Please return the data that follows precisely as written, but without the images.

** Data for this task follows **

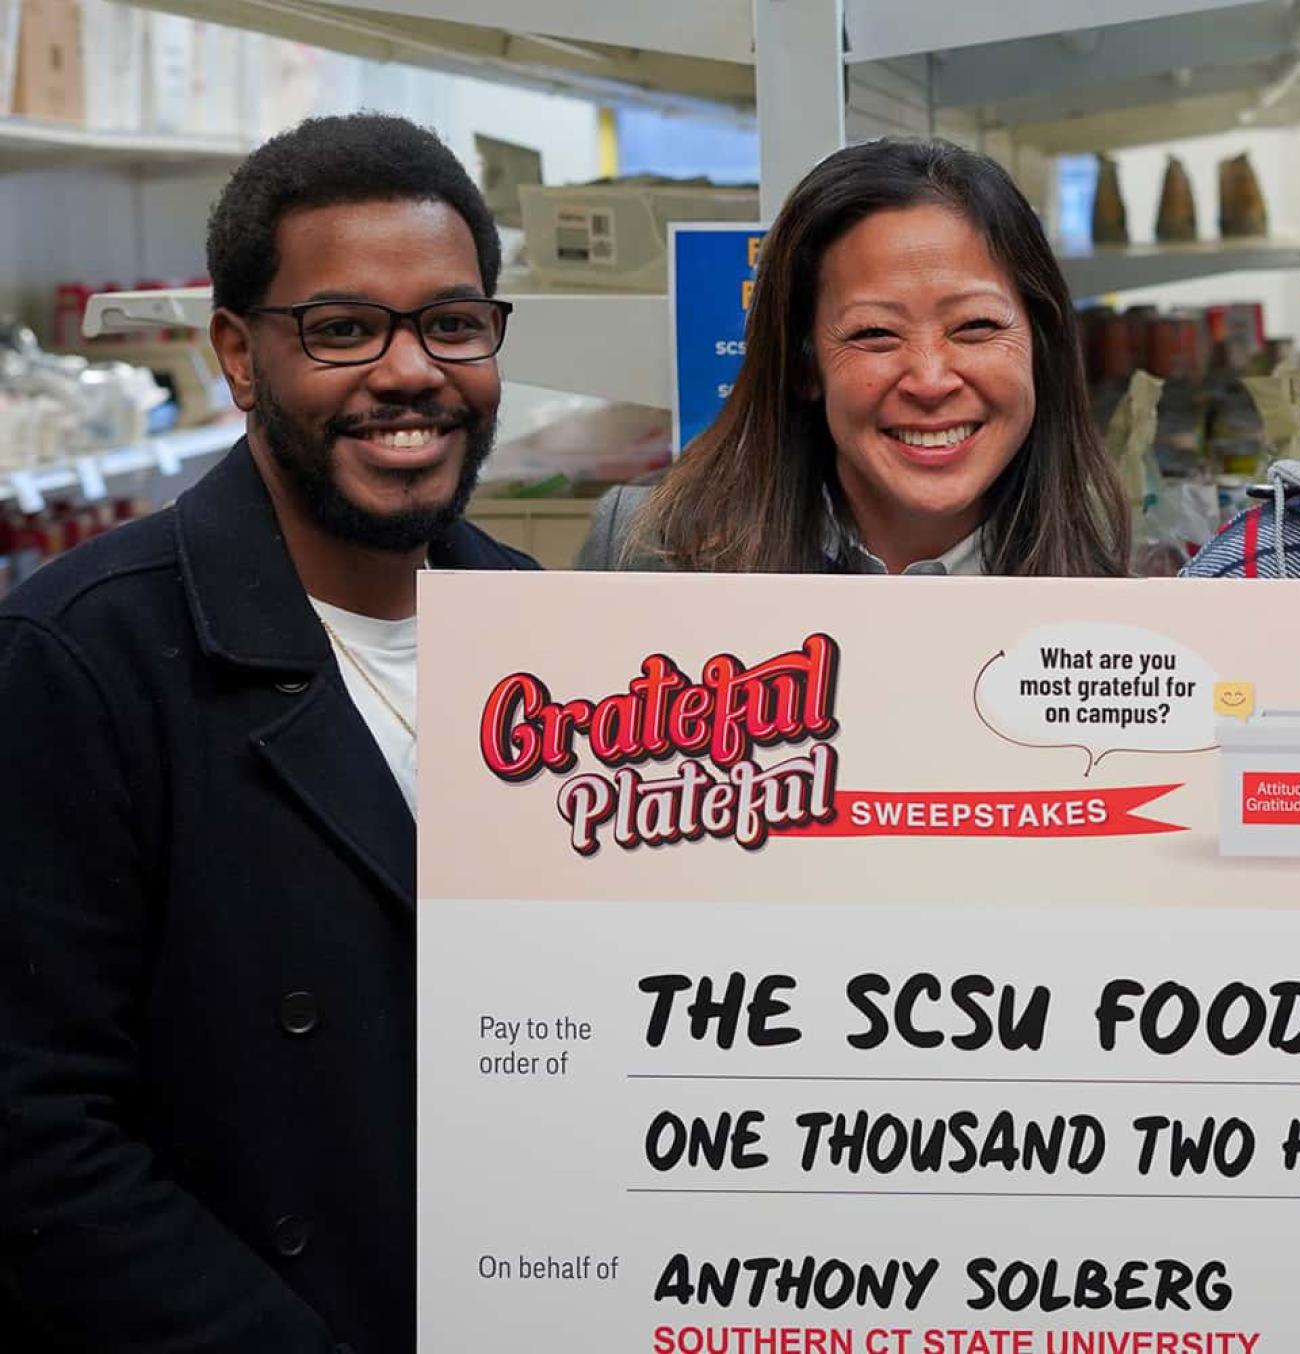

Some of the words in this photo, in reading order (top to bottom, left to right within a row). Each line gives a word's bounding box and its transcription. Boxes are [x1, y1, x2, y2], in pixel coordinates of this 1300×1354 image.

[715, 341, 747, 355] SCS
[1041, 648, 1093, 668] What
[1100, 654, 1132, 669] are
[1140, 654, 1175, 675] you
[1021, 677, 1071, 695] most
[1078, 676, 1159, 702] grateful
[1167, 677, 1195, 697] for
[480, 633, 839, 783] Grateful
[1046, 708, 1069, 722] on
[1077, 704, 1170, 728] campus?
[557, 742, 838, 857] Plateful
[852, 799, 1106, 827] SWEEPSTAKES
[639, 972, 802, 1049] THE
[847, 973, 1050, 1051] SCSU
[481, 1016, 520, 1044] Pay
[527, 1019, 547, 1039] to
[556, 1017, 590, 1040] the
[480, 1051, 539, 1074] order
[547, 1051, 568, 1074] of
[646, 1111, 768, 1171] ONE
[796, 1110, 1105, 1174] THOUSAND
[1133, 1116, 1255, 1177] TWO
[479, 1256, 510, 1278] On
[520, 1256, 590, 1278] behalf
[597, 1256, 618, 1279] of
[654, 1254, 939, 1310] ANTHONY
[967, 1258, 1232, 1312] SOLBERG
[655, 1326, 852, 1354] SOUTHERN
[866, 1329, 912, 1354] CT
[924, 1329, 1032, 1354] STATE
[1046, 1330, 1259, 1354] UNIVERSITY

** End of Data for this task **

_Answer space:_
Some of the words in this photo, in reading order (top to bottom, left to right within a row). Each line gives a word's bounding box and its transcription. Boxes are [x1, y1, x2, y2], in pixel coordinates of this 1300×1354 image.

[715, 341, 747, 355] SCS
[1041, 648, 1093, 668] What
[1100, 654, 1132, 669] are
[1140, 654, 1175, 675] you
[1021, 677, 1071, 695] most
[1078, 676, 1159, 702] grateful
[1167, 677, 1195, 697] for
[480, 633, 839, 783] Grateful
[1046, 708, 1069, 722] on
[1077, 704, 1170, 728] campus?
[557, 742, 838, 857] Plateful
[852, 799, 1106, 827] SWEEPSTAKES
[639, 972, 802, 1049] THE
[847, 973, 1050, 1051] SCSU
[481, 1016, 520, 1044] Pay
[527, 1019, 547, 1039] to
[556, 1017, 590, 1040] the
[480, 1051, 539, 1074] order
[547, 1051, 568, 1074] of
[646, 1111, 768, 1171] ONE
[796, 1110, 1105, 1174] THOUSAND
[1133, 1116, 1255, 1177] TWO
[479, 1256, 510, 1278] On
[520, 1256, 590, 1278] behalf
[597, 1256, 618, 1279] of
[654, 1254, 939, 1310] ANTHONY
[967, 1258, 1232, 1312] SOLBERG
[655, 1326, 852, 1354] SOUTHERN
[866, 1329, 912, 1354] CT
[924, 1329, 1032, 1354] STATE
[1046, 1330, 1259, 1354] UNIVERSITY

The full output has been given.